TikTok showed him everything he could possibly want in a mutually-exclusive multiplicity. Every swipe was a reminder of what he didn’t have, but attaining one fantasy would always mean forgoing another. He sat in a marketplace of performative desire, profitably paralyzed.

Bristol received exactly three kinds of content, all designed to incite a depressive spiral of consumption. His particular vice was comparison: if you showed him someone similar enough to him doing something (or someone) that he might want to do, you could trap him for hours (or in this case, his entire shit break). 

The first category of content came from what others would broadly call “power gays.” These were the boys who went to Duke and Penn on partial or full debate scholarships because they’d made eating other people alive a personality trait. Upon graduation, they entered one of four fields: medicine, law, consulting, or investment banking. Their LinkedIns were filled with performative “I’m pleased to announce” posts, their TikToks were day-in-the-life vignettes of aesthetic biochem notes or tableau vivants from their second internship at the Fed. 

Bristol had always been ambitious, but never aspired to the professions, so most of this content didn’t affect him terribly, most of the time. There was one couple which had branded themselves “Harvard Law Husbands.” Bristol had never wanted to be a lawyer, but seeing the play-by-play renovation of their second apartment in Beacon Hill made him just the slightest bit queasy. (His own bank account was overdrawn monthly to cover a matchbox apartment 40 minutes away from the university). His dad always said he should go to law school. Some days he thought that after all this PhD mess was over, he still might. 

The second category of content Bristol received was the cottage core gays. These were the gays who escaped the shallowness of the city to live off the land.
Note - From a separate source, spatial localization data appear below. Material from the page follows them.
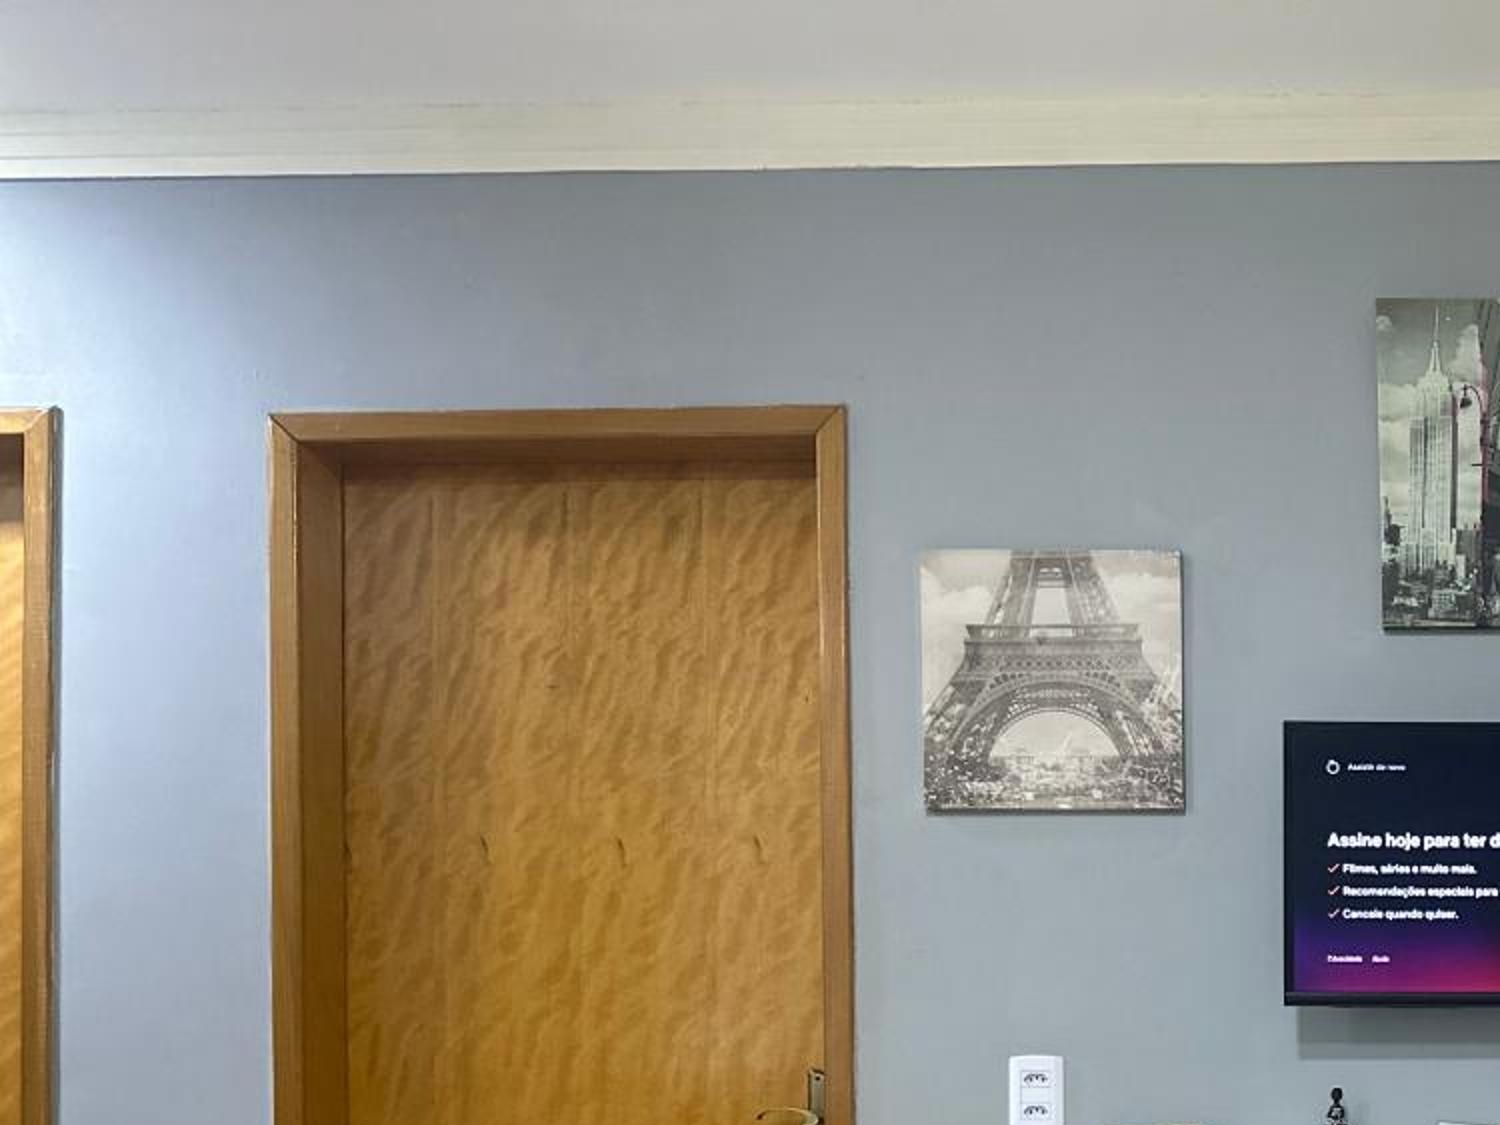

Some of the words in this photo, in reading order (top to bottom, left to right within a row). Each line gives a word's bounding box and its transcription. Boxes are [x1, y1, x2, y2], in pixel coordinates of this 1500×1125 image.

[1327, 832, 1382, 848] Assine
[1385, 832, 1420, 851] hoje
[1423, 834, 1460, 851] para
[1463, 833, 1487, 848] ter
[1343, 864, 1379, 875] Filmes,
[1380, 864, 1411, 874] séries
[1412, 866, 1418, 874] e
[1420, 864, 1449, 874] muito
[1451, 864, 1477, 875] mais.
[1343, 886, 1426, 898] Recomendações
[1428, 886, 1474, 898] especiais
[1476, 887, 1498, 898] para
[1385, 909, 1423, 920] quando
[1425, 909, 1459, 920] quiser.
After college they purchased idyllic farms with what Bristol assumed were hidden trust funds. A search for vegan apple pie recipes would cause his feed to be populated by young 20-something men with perfect skin making strawberry jam in unwashed mason jars (to enhance the flavor). They were the antithesis of the power gays: the cottage core gays rejected conventional status symbols to form their own culture. It didn’t require the same upfront investment that law school or medical school might, but cottage core, good cottage core, still had one hell of an entrance fee. Bristol sometimes envied their teacup pigs and pantries grown from scratch, but twenty minutes scrolling through cottage core content generally left him unphased. There simply wasn’t enough existential octane in a life devoted to the refinement of hemp coffee. 
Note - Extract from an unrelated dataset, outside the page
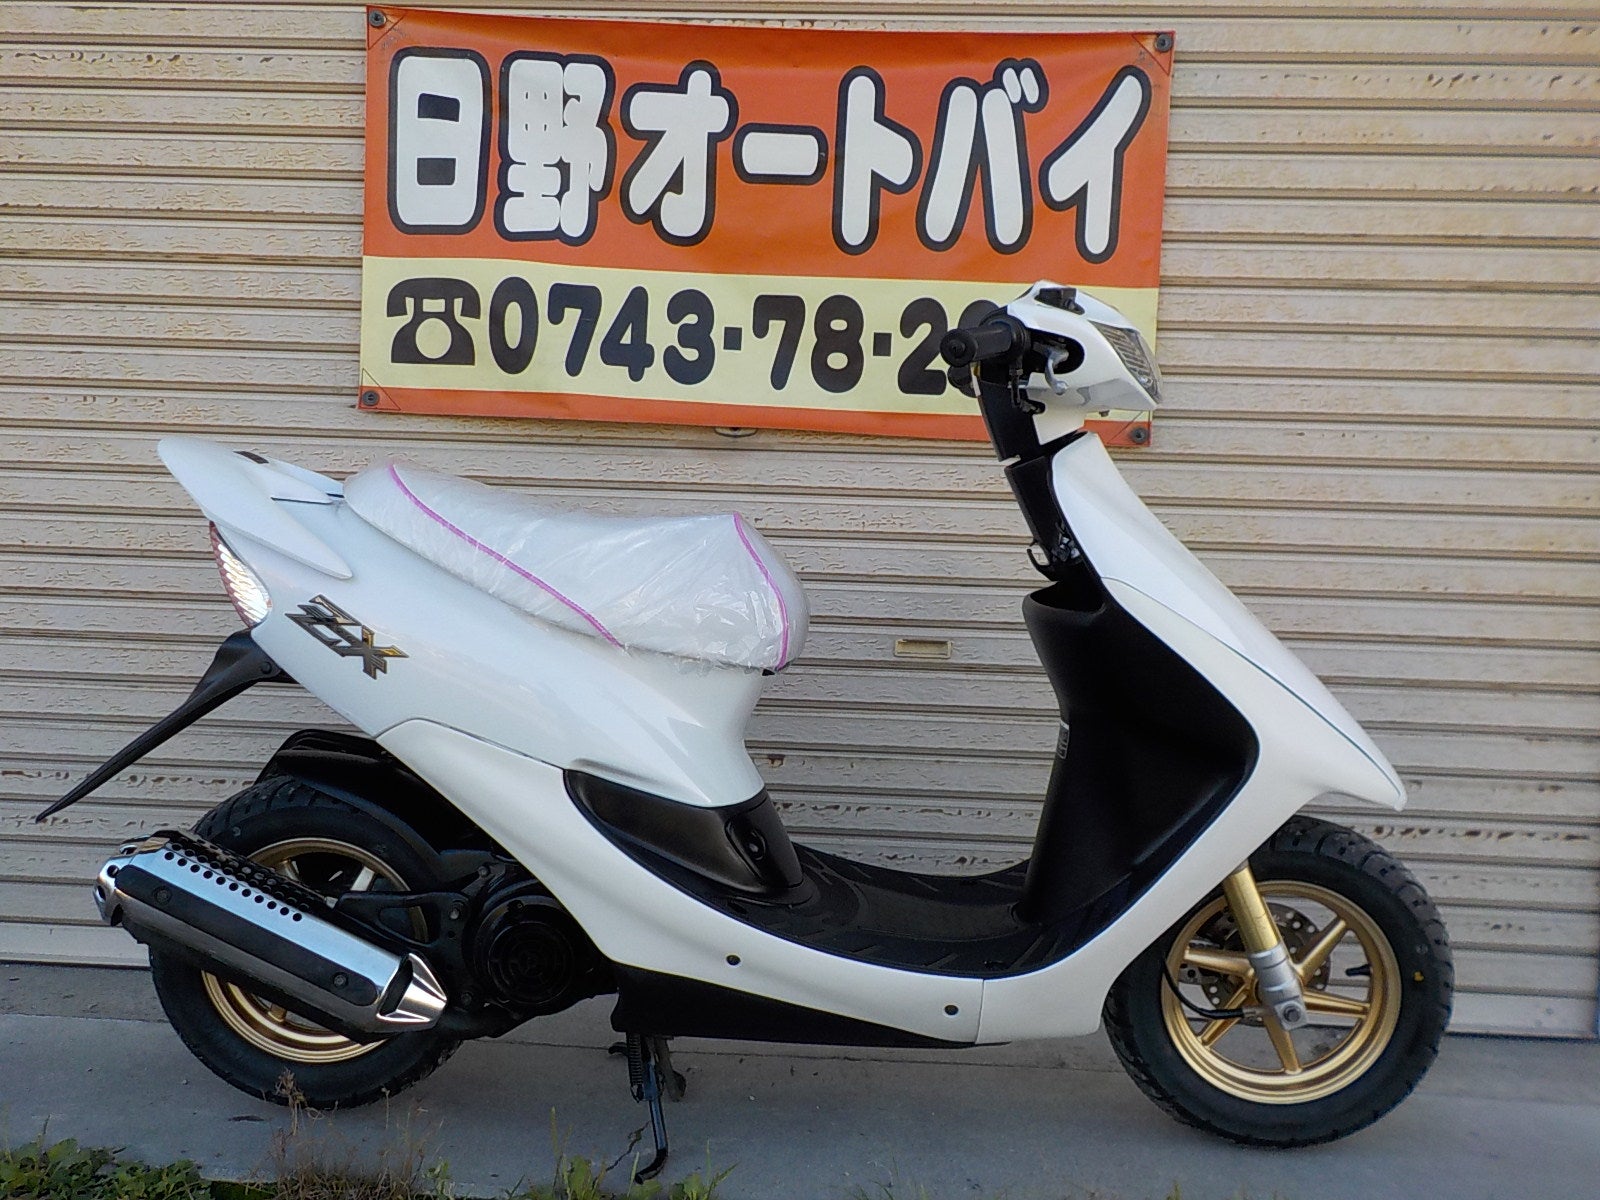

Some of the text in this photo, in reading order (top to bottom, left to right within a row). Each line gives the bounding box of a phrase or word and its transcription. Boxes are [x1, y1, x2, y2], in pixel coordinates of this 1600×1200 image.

The last group, whose content was the most taxing to consume, were the knife-wielding strangers in his own house: the real academic gays. Bristol was no joke, academically-speaking. He knew continental philosophy inside and out, he could write a solid paper, and his German was well above average. But he would never be them: the gays that read Antigone in Attic Greek for fun, that not only subscribed to but had been published in n+1 (as undergrads of course), that had solid, all-but-corporate careers in arts nonprofits but were still doing a PhD in medieval French literature just because they could. Their lives, scholarly and otherwise, were meticulously documented, touched up, and sent via algorithm to the people whose existences essentially looked like theirs, only a little less shiny. Their content served to remind Bristol that while he could study, he could aspire, he could emulate, the fact that he had to study at all meant he’d already failed. He wasn’t born with it, nor was he, in the grand scheme of things, particularly ahead of anyone else. Lots of people went to good liberal arts colleges; some, like him, even double majored in German and theory. He got into a middling PhD program at a state school; every so often, in moments like this, he was reminded that this was a program, not the program. 
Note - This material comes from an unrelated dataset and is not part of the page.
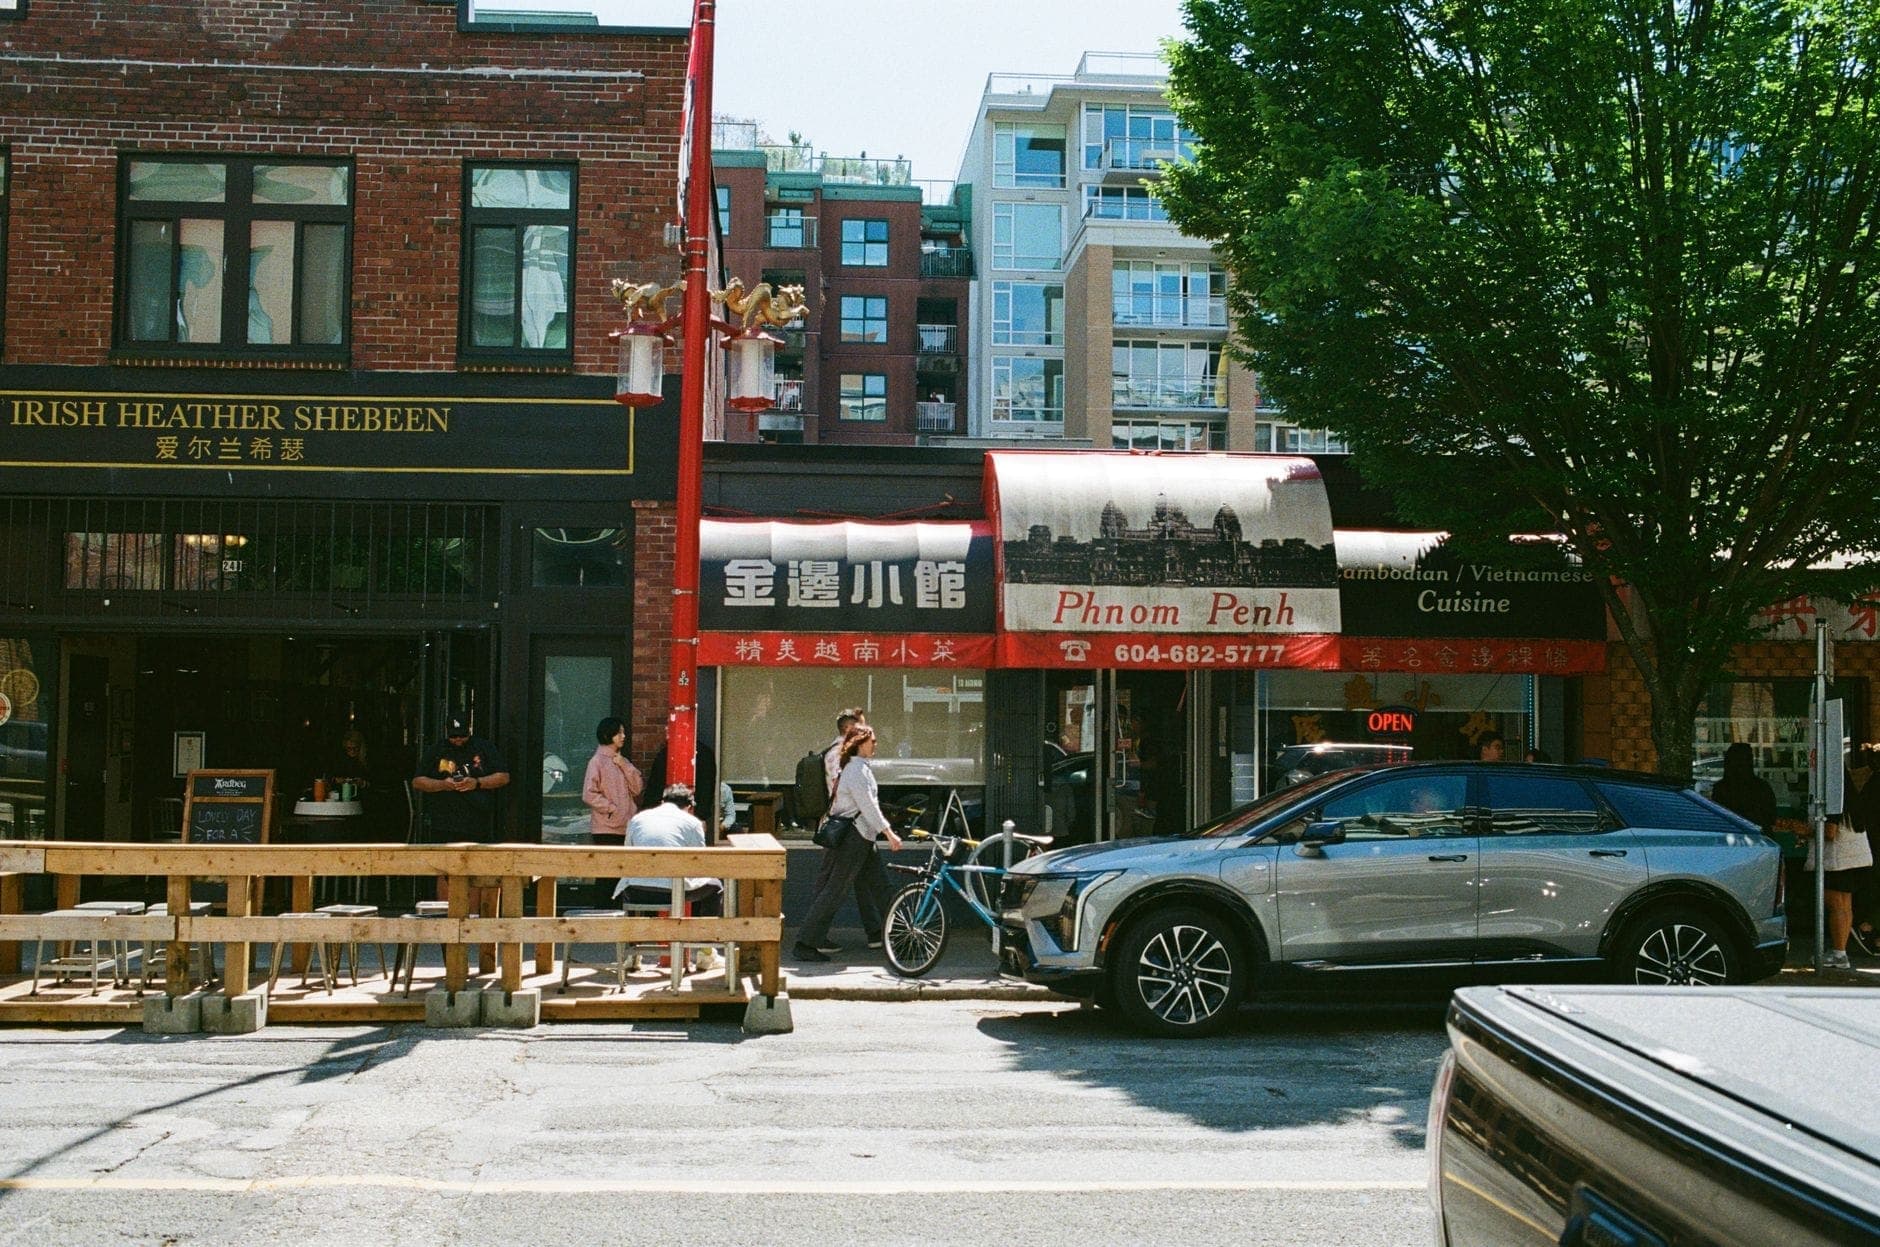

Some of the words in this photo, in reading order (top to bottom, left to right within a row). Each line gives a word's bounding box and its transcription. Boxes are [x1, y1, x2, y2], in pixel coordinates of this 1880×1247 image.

Before the sting of mediocrity could metastasize into a system-wide panic attack, Bristol pulled the little red and yellow bottle from his pocket. He gently pressed it up against the smaller and more clogged of his nostrils (you’re not an addict if you can ration) and inhaled the euphoric vapor generously provided by the makers of Rush

Bristol proceeded to forget that he was only in a top thirty program, not a top ten. He forgot that he almost failed his French translation exam. He forgot he had a twenty-page paper for his History of German Thought class due in just over a week that he hadn’t started because he absolutely hated the 16th century. (He was, if nothing else, a modernist at heart). Bristol was suddenly no longer a scholar, no longer a petite bourgeoise thinking subject under late capitalism. He was barely a he. A phone was dropped; its user did not care if the screen was cracked or even shattered. For those few moments, the ganglia of nerves formerly known to itself as Bristol simply existed. 

And then it was over. The high was gone; there was no shit left in his bowels. Bristol replastered the skinny jeans to his legs, picked up his phone, forgot to wipe, and went to wash his hands. As he scrubbed and the water gradually became scalding, Bristol thought he heard an animal, perhaps a rat, in the vent system over his shoulder. He looked up, curious, wondering if anyone had called maintenance. This was of course not a rat, but Dr. Khusari having the best shit of her life thirty feet away, which she could do with raucous ceremony since the faculty bathroom was always empty at this time of night.   

*

With water bottles snapped closed and the muted gurgle of cheap granola bars beginning to churn in twenty stomachs, Dr. Khusari resumed the seminar. 

“Now that we’ve reconvened, I’d like to switch to the second of our two texts. Does anyone have thoughts on queer affect and/or performativity under late capitalism?”

Bristol raised his hand.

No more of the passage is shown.